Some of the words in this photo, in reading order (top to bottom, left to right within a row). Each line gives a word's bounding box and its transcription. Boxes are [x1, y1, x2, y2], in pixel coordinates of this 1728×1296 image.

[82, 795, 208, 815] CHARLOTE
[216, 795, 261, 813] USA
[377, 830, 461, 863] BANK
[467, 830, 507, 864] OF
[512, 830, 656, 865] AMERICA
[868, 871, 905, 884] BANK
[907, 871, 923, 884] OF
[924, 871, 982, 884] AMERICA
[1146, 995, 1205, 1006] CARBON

########

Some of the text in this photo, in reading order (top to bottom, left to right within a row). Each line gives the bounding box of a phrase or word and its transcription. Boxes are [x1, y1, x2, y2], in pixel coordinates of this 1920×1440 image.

########

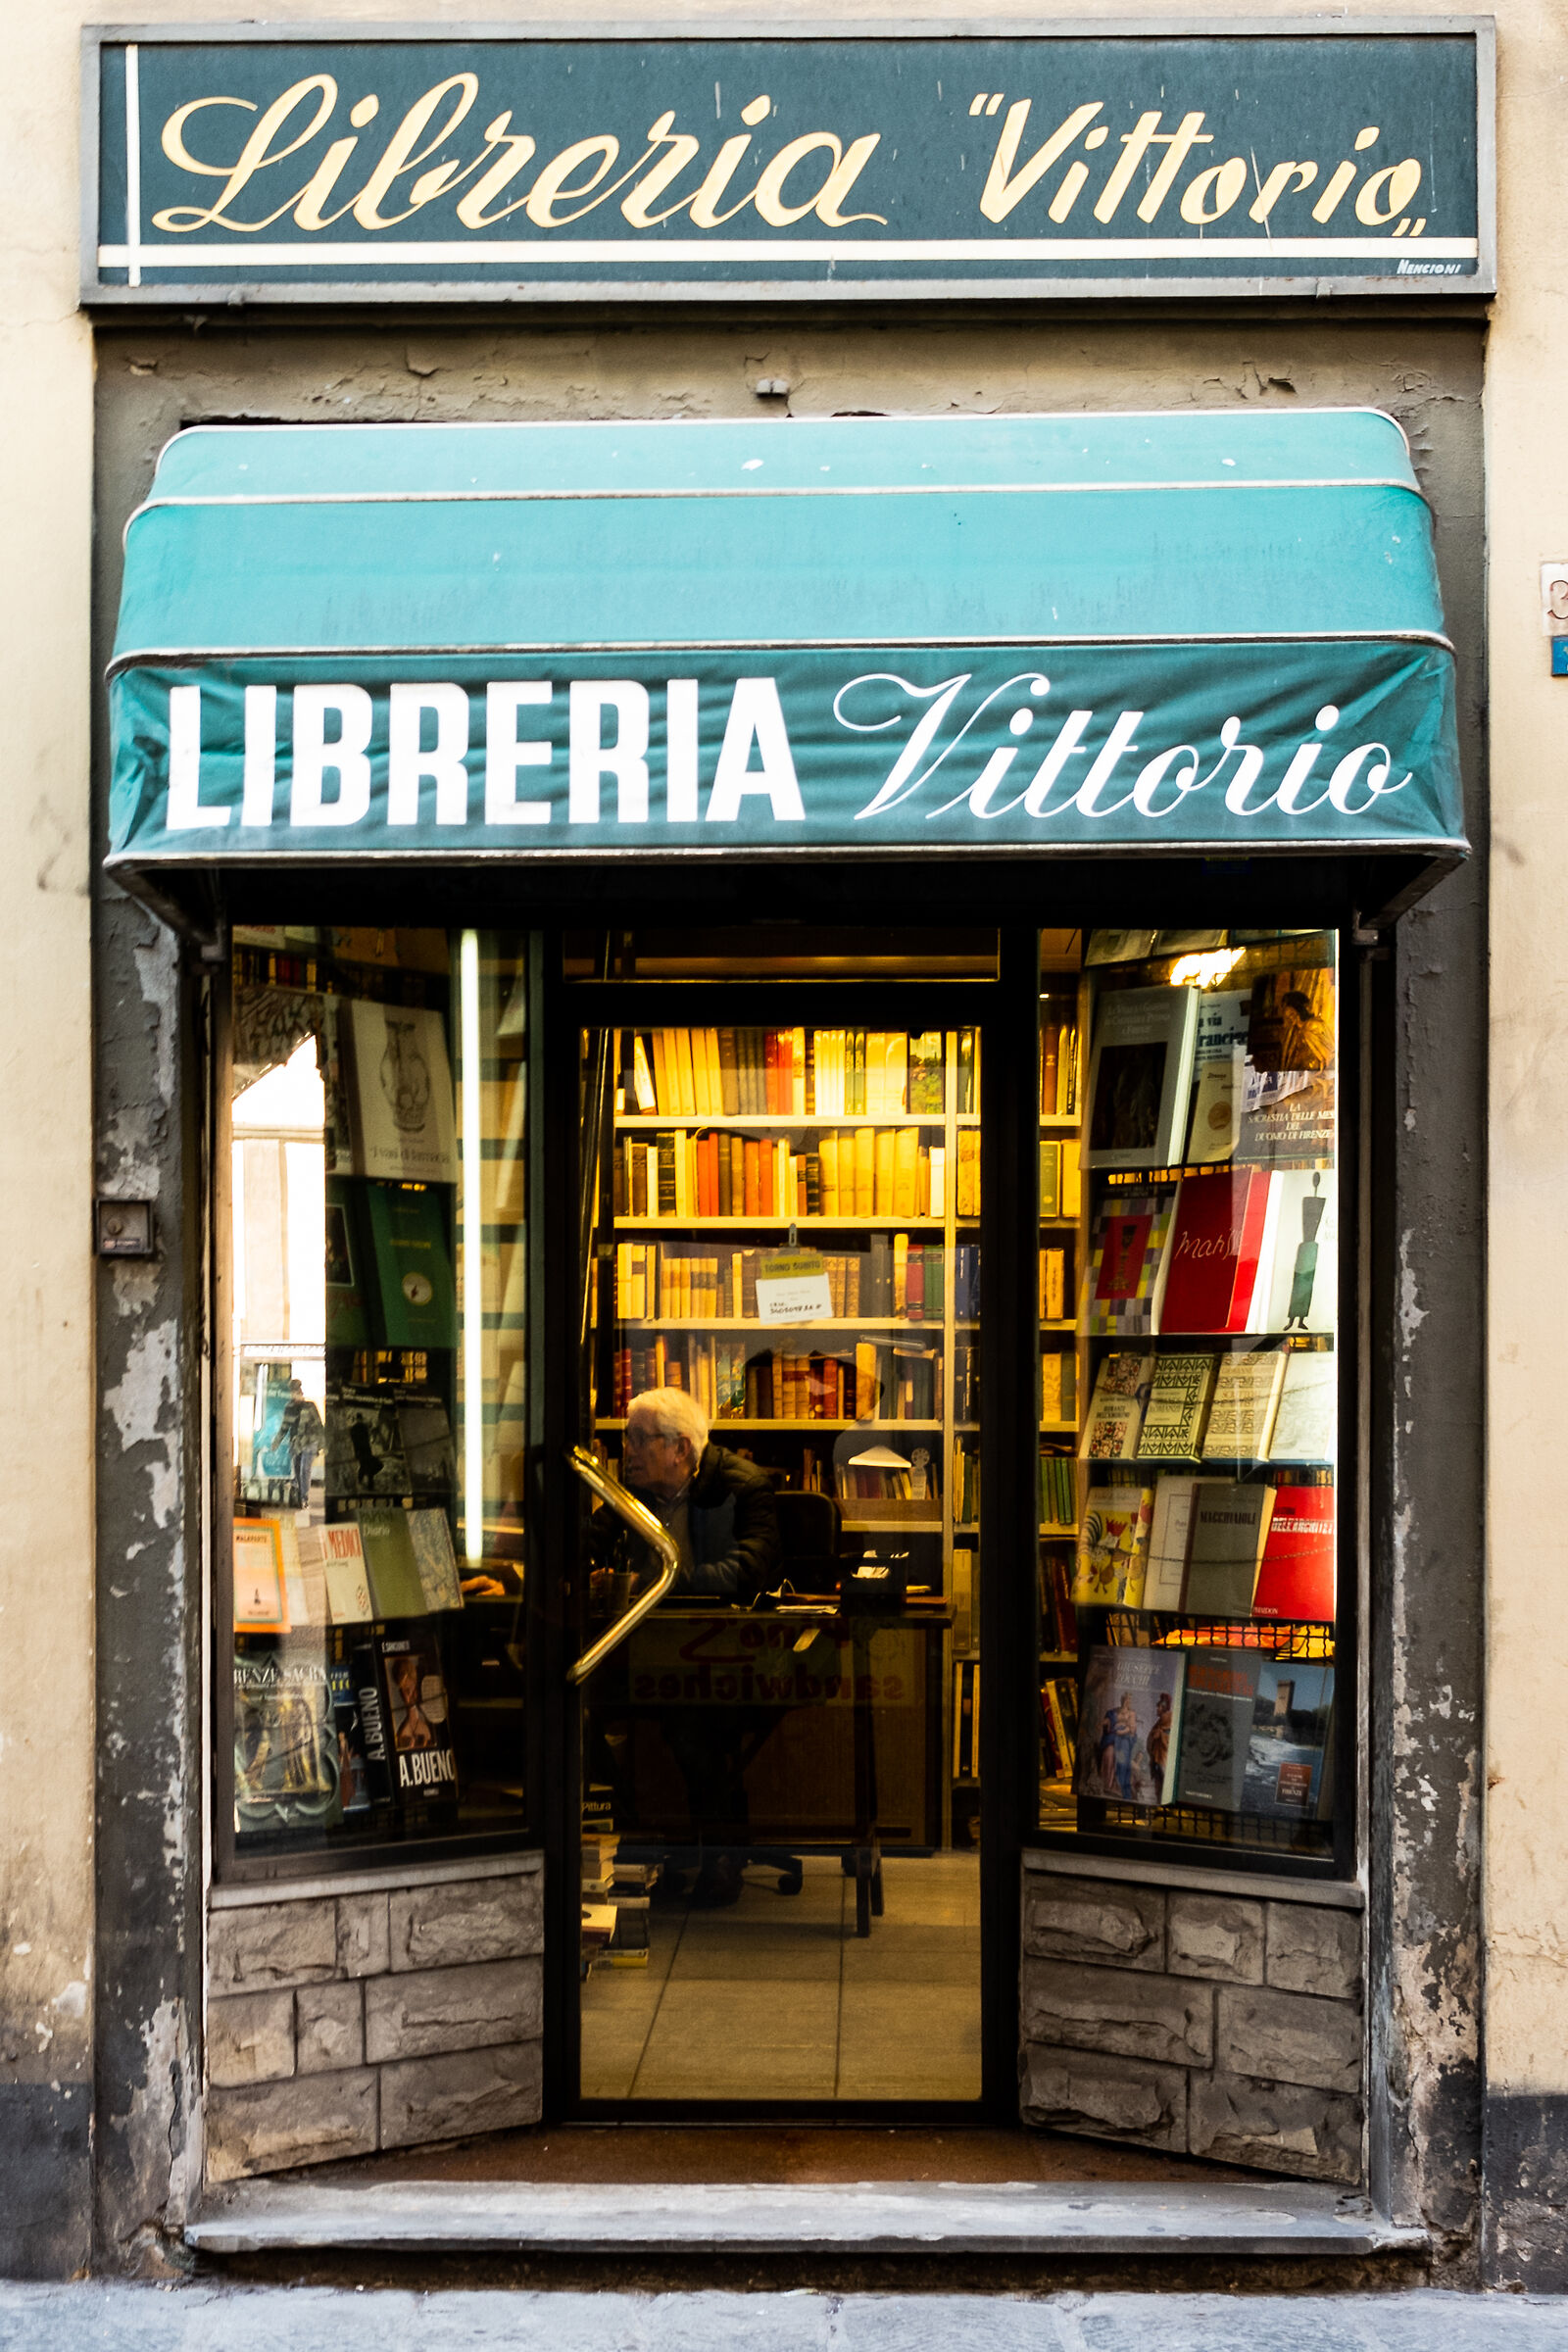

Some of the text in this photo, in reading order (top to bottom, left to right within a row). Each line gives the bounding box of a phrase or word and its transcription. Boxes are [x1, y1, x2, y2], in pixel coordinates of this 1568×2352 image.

########

> How to complete this task
Copy every line in the data above that has the string "phrase" in it.

> Response to the task
Some of the text in this photo, in reading order (top to bottom, left to right within a row). Each line gives the bounding box of a phrase or word and its transcription. Boxes are [x1, y1, x2, y2], in pixel coordinates of this 1920×1440 image.
Some of the text in this photo, in reading order (top to bottom, left to right within a row). Each line gives the bounding box of a phrase or word and its transcription. Boxes are [x1, y1, x2, y2], in pixel coordinates of this 1568×2352 image.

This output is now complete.